I’m afraid I’m still stuck with the fact that with aviation, we’re talking about megatons of CO2, and with electricity generation we’re talking gigatons. all I’m saying is (uh-oh, here come the percentages) that a ‘50% reduction’ in electricity generation emissions (ie 50% of a gigaton value) is going to make a big difference to 50%cuts or 50% rises in a value which is measured in the megatons. Surely you can see my scepticism with regards to the purpose of focusing cultural attention on the personal habits of air travellers. closing down all energy generation for a week (and that means industrial more than and domestic use) would cut more carbon than a year’s worth of people choosing not to fly, or choosing not to freight anything by air etc. Given that the vast bulk of emissions originates in the energy generation sector, I can see why zealous green protestors want to close down power stations – at least it has some basis in the actual relative merits of which type of carbon-emitting activity greens want to close down first! In comparison, the attacks on aviation are purely moralistic diatribes against what greens see as a culture of wanton ‘excess’, especially among the masses. it simply cannot, for all your best efforts, come down to a rational argument about aviation’s CO2 contributions, which as we’ve thrashed out, are somewhere around the 10% mark of global emissions.

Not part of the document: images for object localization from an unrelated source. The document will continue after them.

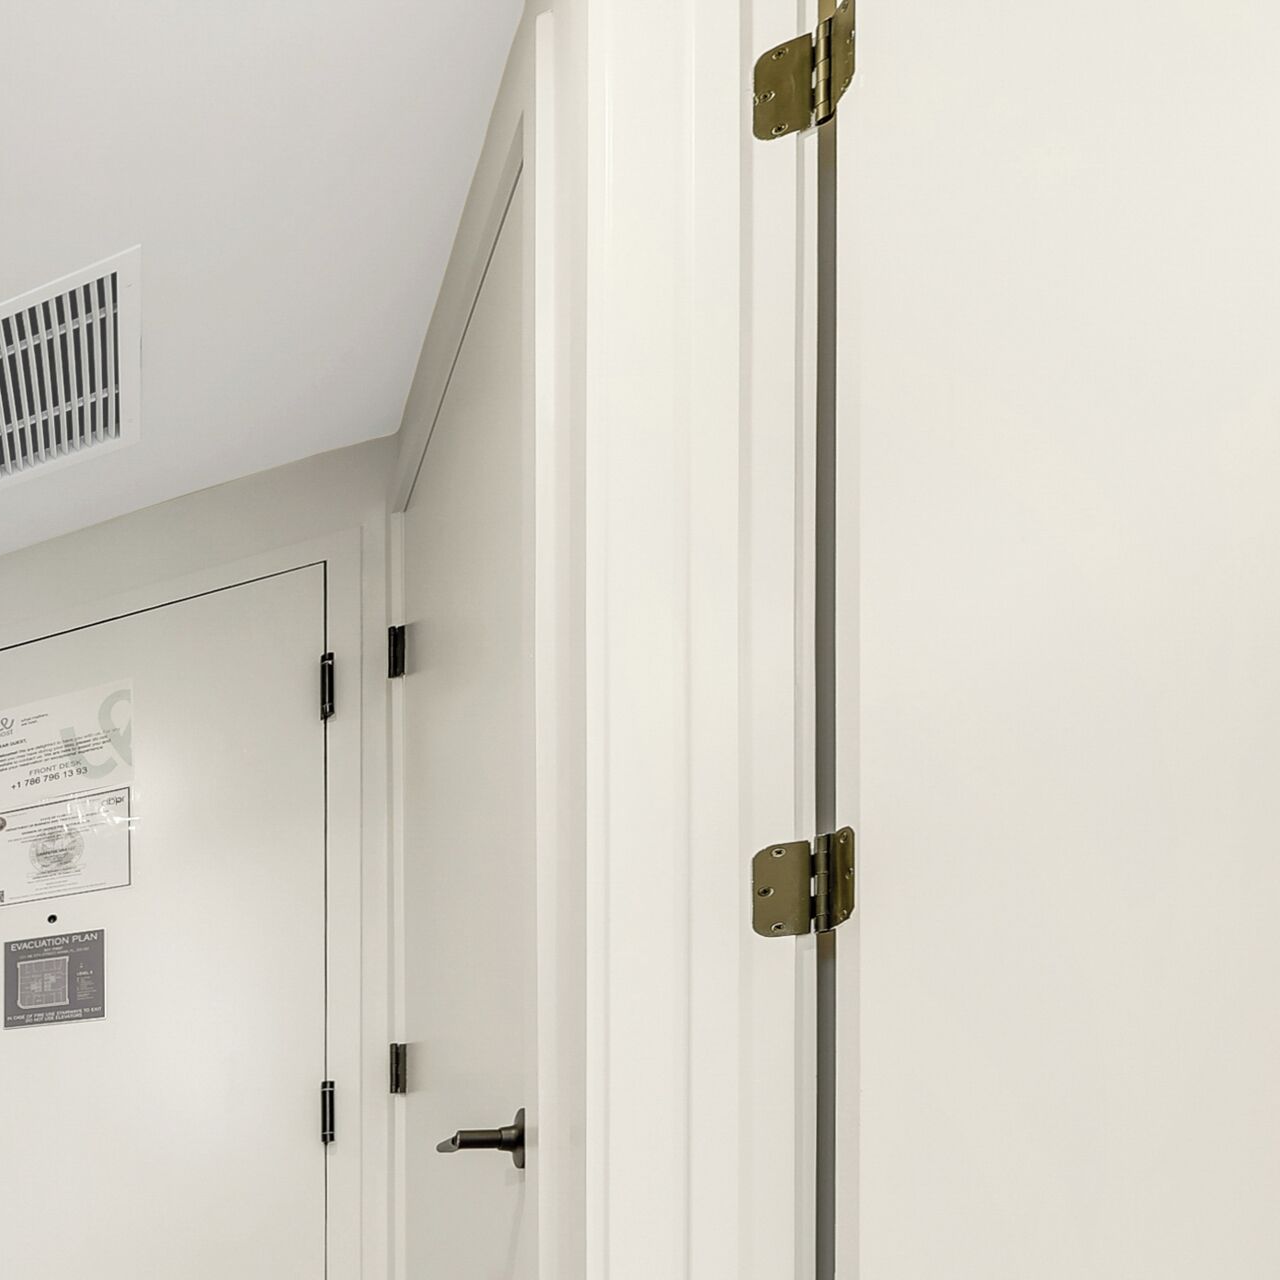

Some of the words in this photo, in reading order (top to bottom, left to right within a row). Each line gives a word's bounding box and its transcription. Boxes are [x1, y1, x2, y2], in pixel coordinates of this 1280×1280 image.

[25, 776, 40, 786] 786
[44, 772, 60, 782] 796
[64, 770, 73, 778] 13
[76, 766, 88, 776] 93
[29, 765, 56, 776] FRONT
[59, 761, 82, 770] DESK
[10, 937, 69, 951] EVACUATION
[72, 932, 98, 943] PLAN

I wouldn’t go for a ‘positivistic faith in science’ myself. I am keen however to point out that science, technology and economic growth are the ways towards producing the technological and engineering framework for a new energy infrastructure. But too often the current discussion is about restraining science and innovation – a negativistic mistrust of science, if you will. And I think you are dodging to avoid the obvious alternatives – hydrogen driven engines aren’t exactly a new idea are they?
What you’re struggling with is the idea that we could make the argument for innovation, rather than restraint. Of course I don’t have the answer for the next, zero-carbon airliner; if I did, I’d be a rich man rich now, and not arguing with you. But we can and should encourage a culture which nutures those developments. Yet it won’t happen if all we do is is say that ‘There Is No Alternative’ to going slower, doing less, staying put, turning the lights out.

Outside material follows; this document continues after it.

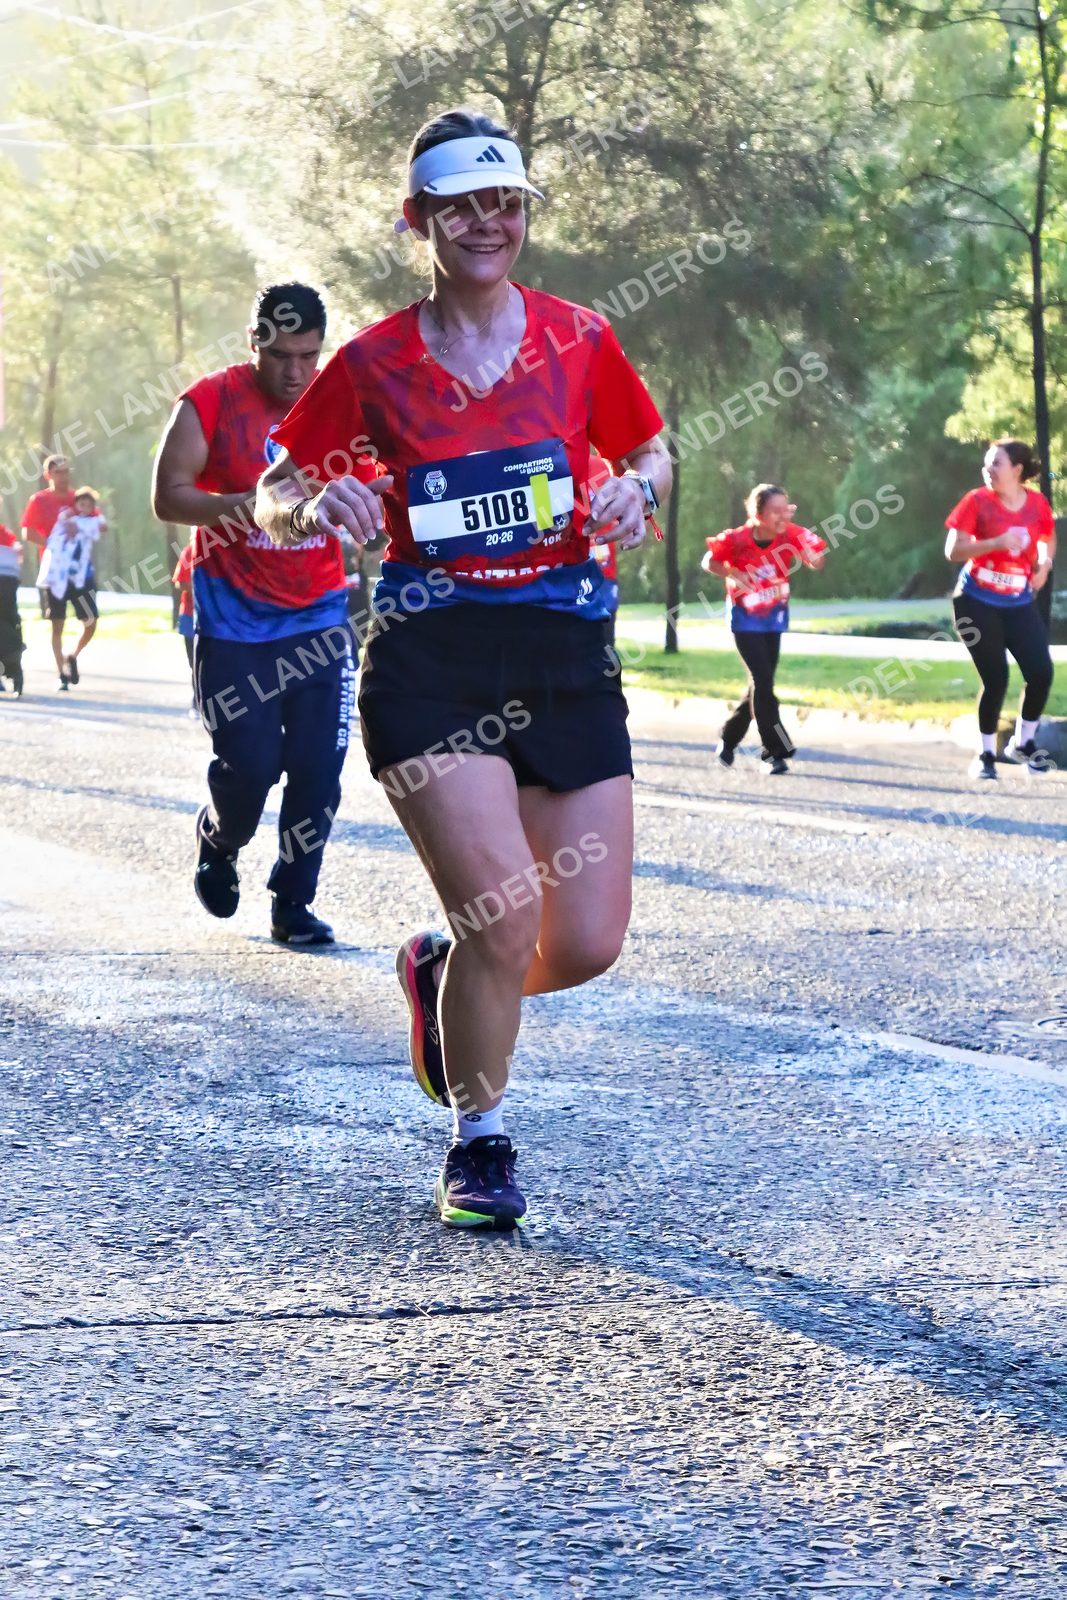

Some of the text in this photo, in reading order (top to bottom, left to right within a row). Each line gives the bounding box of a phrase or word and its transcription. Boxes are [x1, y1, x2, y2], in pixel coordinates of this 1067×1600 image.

[503, 457, 552, 473] COMPARTIMOS
[461, 490, 529, 531] 5108
[542, 533, 562, 546] 10K

At the risk of wandering too far off-topic, a few comments on the food-biofuel trade-off. Clearly, if biofuels are going to cause such trouble to food production then the obvious conclusion to draw is that they are not worth it and that we should look for other sources of energy, rather than simply accept that we should all tighten our belts in the future. Britain’s chief scientist seems to prefer a good scare headline, to making that conclusion. The rush to biofuels is a political issue. It is governments who are pushing the conversion of agricultural land to biofuel crop. given that biofuels are a very low-intensity source of fuel at the best of times (you need a hell of a lot of acreage for not much energy), I suspect that it’s a dead duck. with regards to land and productivity, I’m only noting that agricultural area has tended to decline, not since the war, but since the early nineties – interestingly, as the graph you’ve linked shows, arable and grass land has tended to decline in proportion to the increase in set-aside and fallow. All this indicates is that the government has big influence in how land is used, as set-aside is a policy issue. But I admit that these graphs and stats do not tell us anything about efficiency and yield, which I’d love to know more about.